◆ Your assignment
Could every line below be transcribed exactly, with the pictures dropped?

(Data for review Opens)

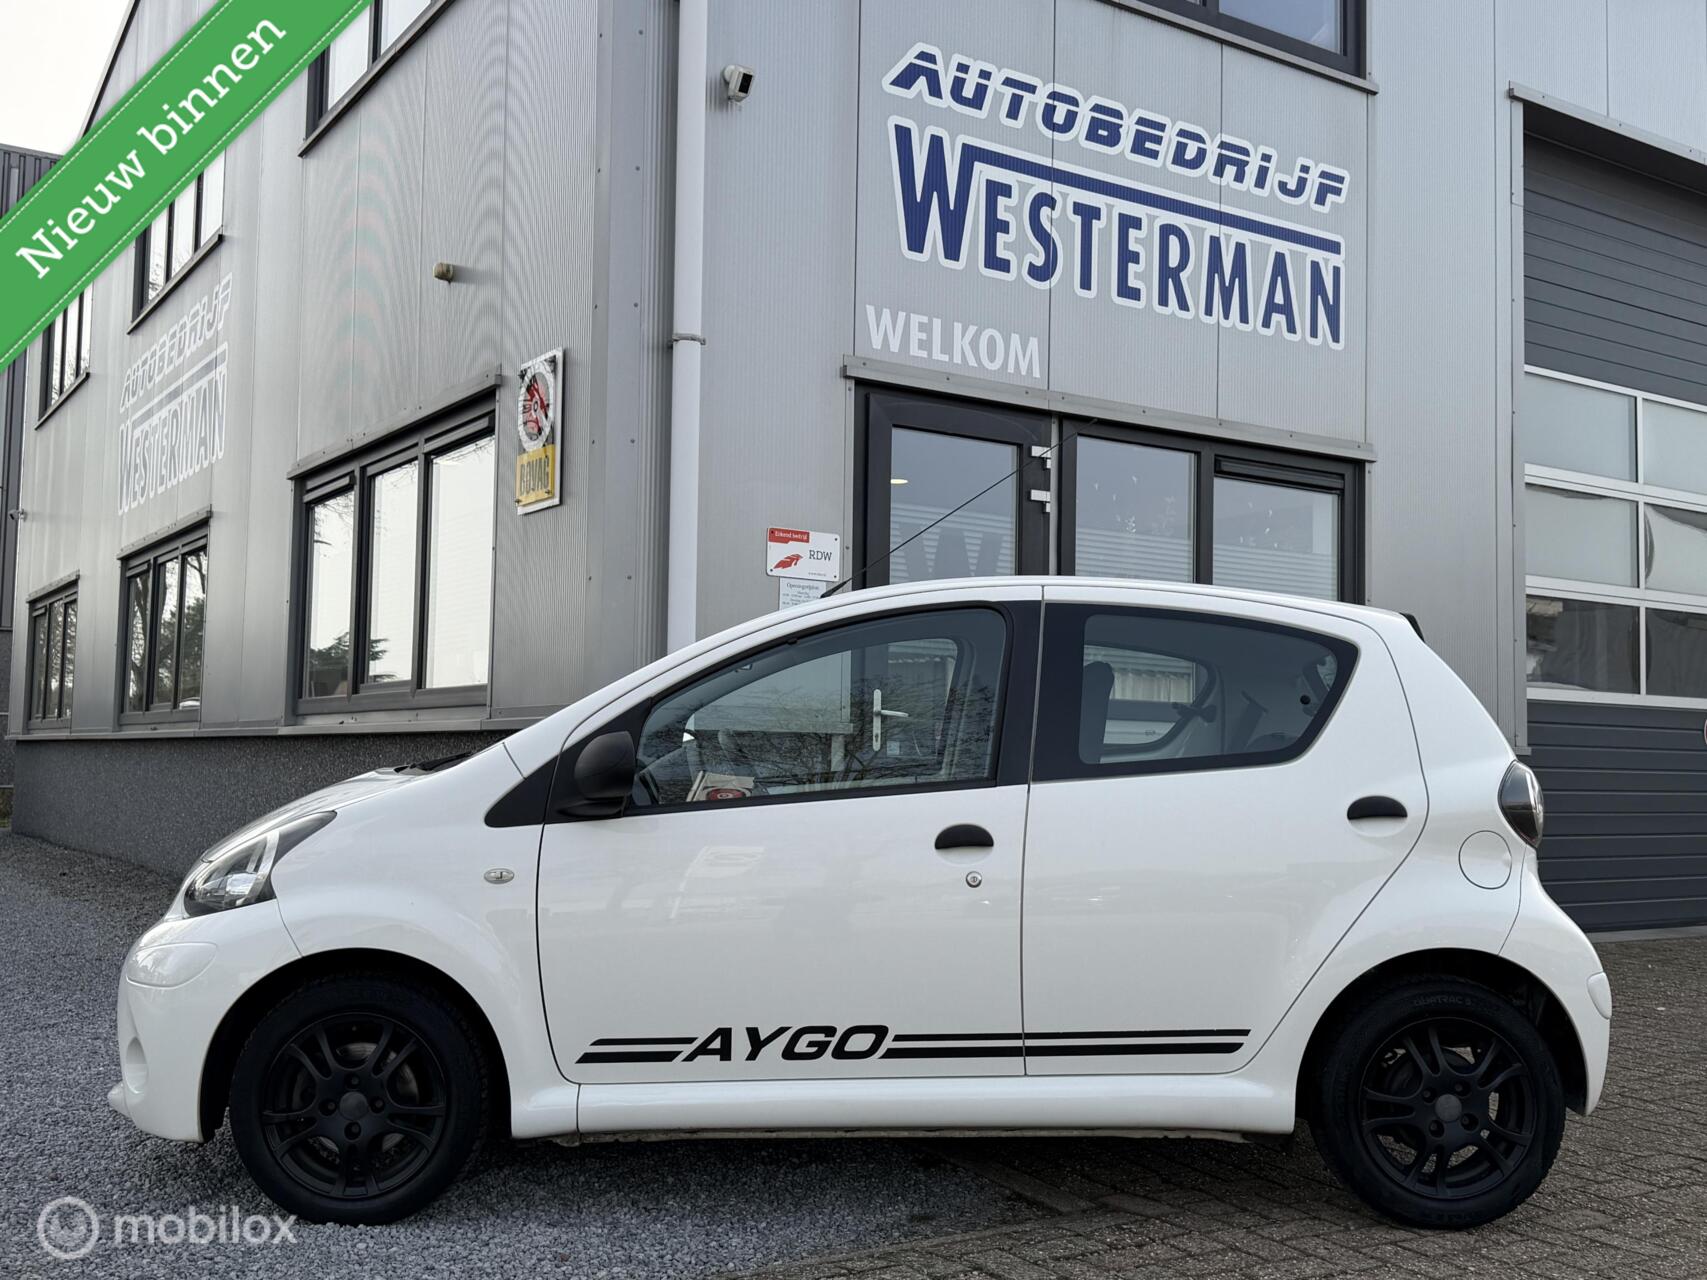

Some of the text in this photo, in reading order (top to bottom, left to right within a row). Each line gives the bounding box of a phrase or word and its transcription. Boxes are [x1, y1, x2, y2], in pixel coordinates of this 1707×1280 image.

[886, 46, 1348, 210] AUTOBEDRIJF
[892, 121, 1343, 347] WESTERMAN
[119, 272, 233, 414] AUTOBEDRIJF
[865, 304, 1042, 378] WELKOM
[117, 342, 229, 517] WESTERMAN
[519, 457, 550, 496] BOVAG
[809, 550, 832, 561] RDW
[681, 1025, 889, 1062] AYGO

(Data for review Closes)

◆ Task response
Some of the text in this photo, in reading order (top to bottom, left to right within a row). Each line gives the bounding box of a phrase or word and its transcription. Boxes are [x1, y1, x2, y2], in pixel coordinates of this 1707×1280 image.

[886, 46, 1348, 210] AUTOBEDRIJF
[892, 121, 1343, 347] WESTERMAN
[119, 272, 233, 414] AUTOBEDRIJF
[865, 304, 1042, 378] WELKOM
[117, 342, 229, 517] WESTERMAN
[519, 457, 550, 496] BOVAG
[809, 550, 832, 561] RDW
[681, 1025, 889, 1062] AYGO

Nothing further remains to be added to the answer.